Word for word, give the data again without its pictures.

··· Data for analysis ···

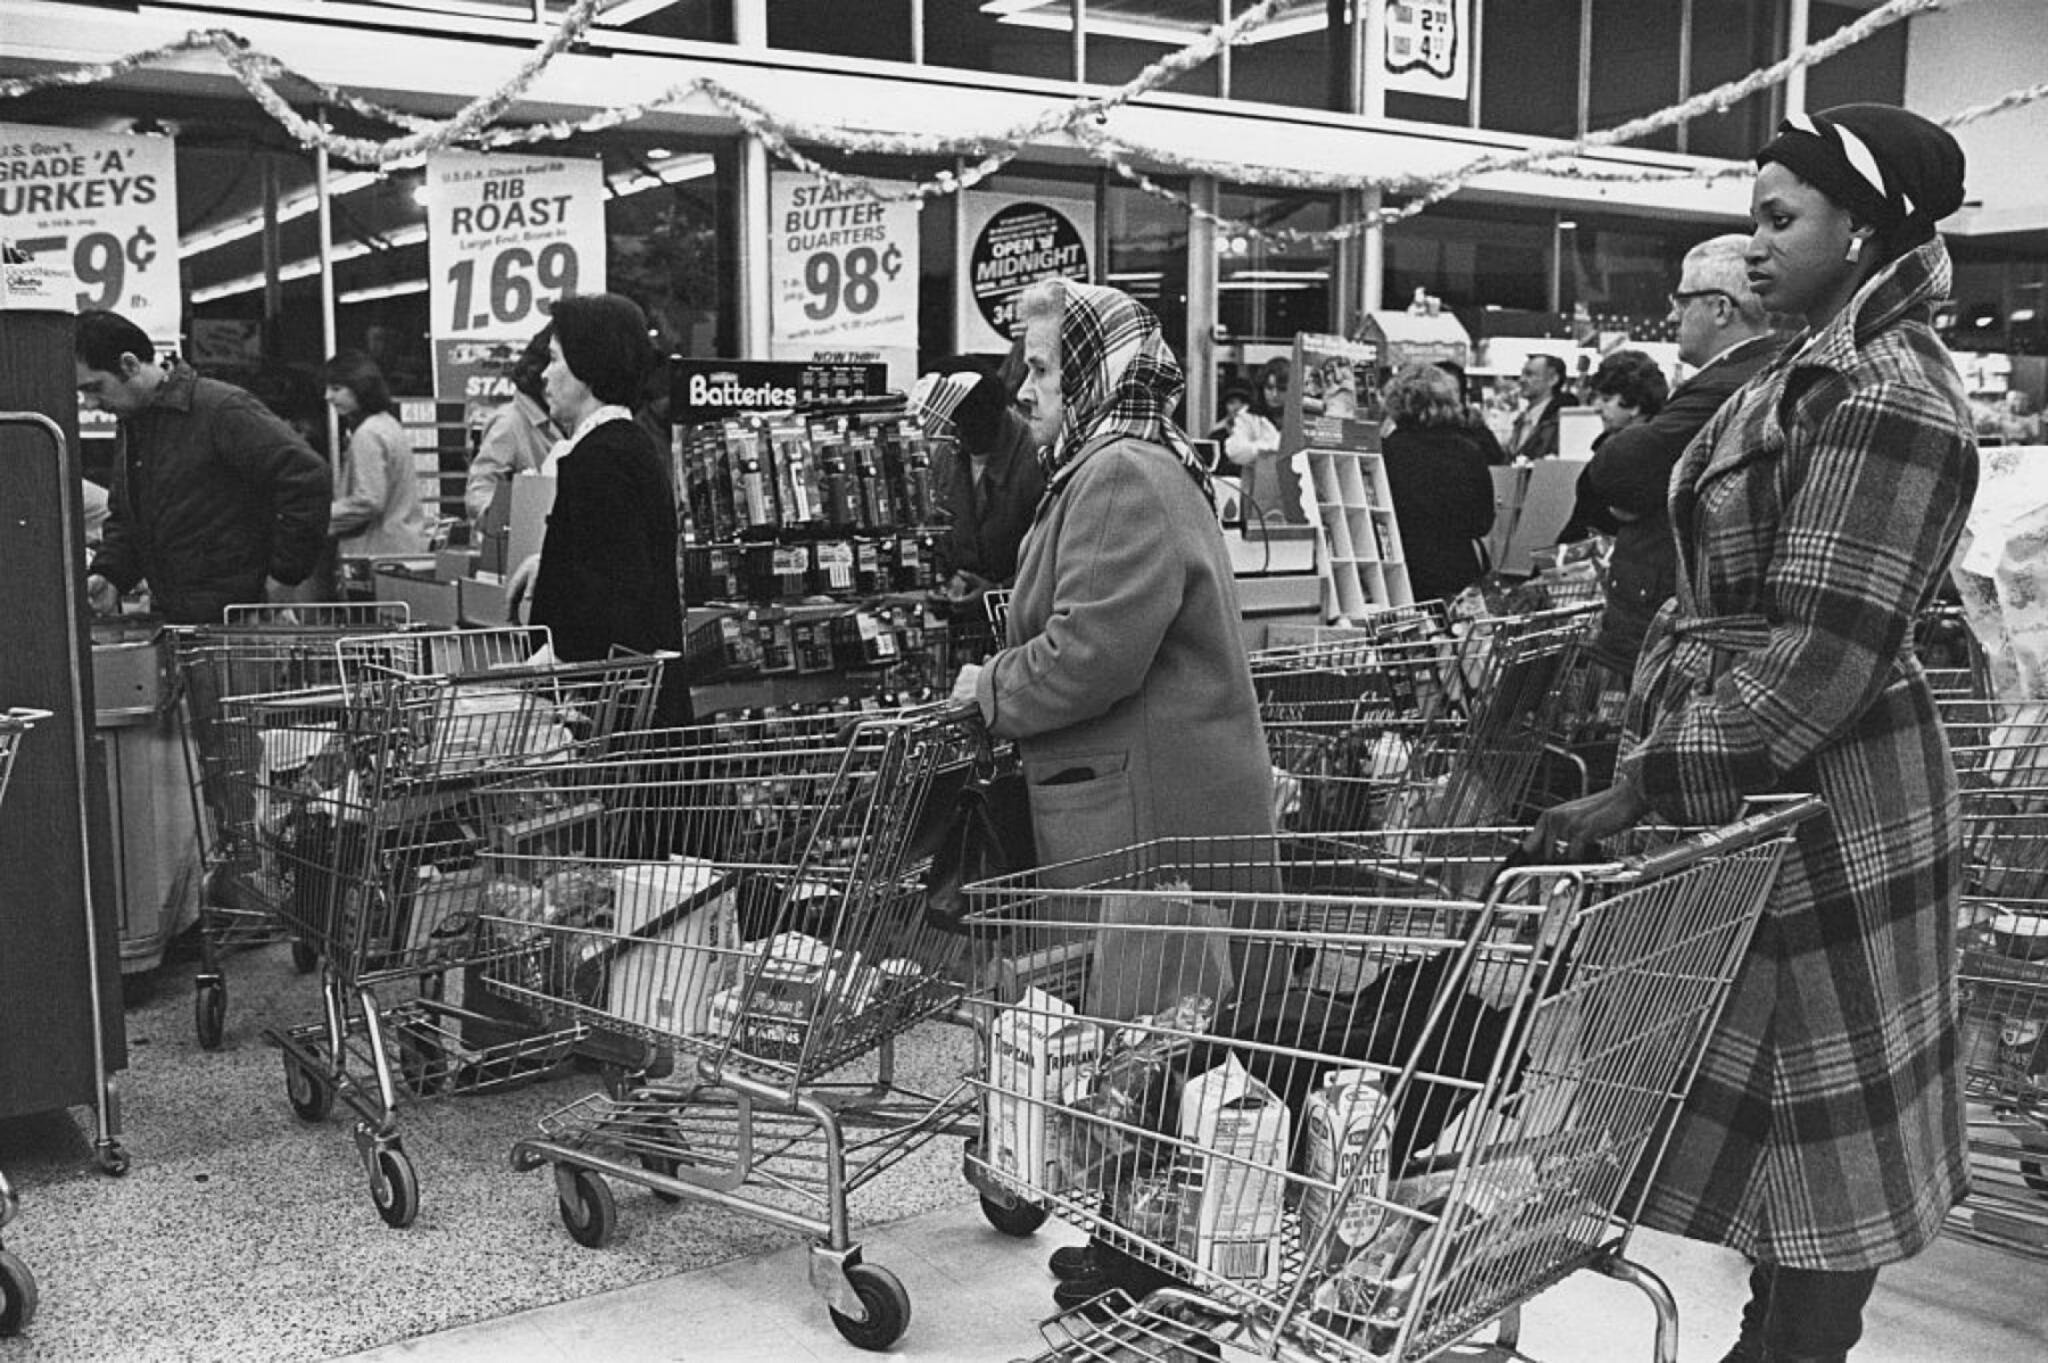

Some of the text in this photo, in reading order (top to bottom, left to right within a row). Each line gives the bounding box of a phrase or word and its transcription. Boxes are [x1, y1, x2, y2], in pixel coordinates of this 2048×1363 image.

[482, 178, 524, 202] RIB
[451, 194, 573, 236] ROAST
[785, 202, 881, 234] BUTTER
[787, 224, 885, 254] QUARTERS
[992, 238, 1034, 259] OPEN
[977, 243, 1080, 281] MIDNIGHT
[447, 242, 579, 332] 1.69
[803, 241, 902, 321] 98¢
[465, 375, 516, 398] STA
[690, 374, 797, 407] Batteries

···

Response to the exercise:
Some of the text in this photo, in reading order (top to bottom, left to right within a row). Each line gives the bounding box of a phrase or word and its transcription. Boxes are [x1, y1, x2, y2], in pixel coordinates of this 2048×1363 image.

[482, 178, 524, 202] RIB
[451, 194, 573, 236] ROAST
[785, 202, 881, 234] BUTTER
[787, 224, 885, 254] QUARTERS
[992, 238, 1034, 259] OPEN
[977, 243, 1080, 281] MIDNIGHT
[447, 242, 579, 332] 1.69
[803, 241, 902, 321] 98¢
[465, 375, 516, 398] STA
[690, 374, 797, 407] Batteries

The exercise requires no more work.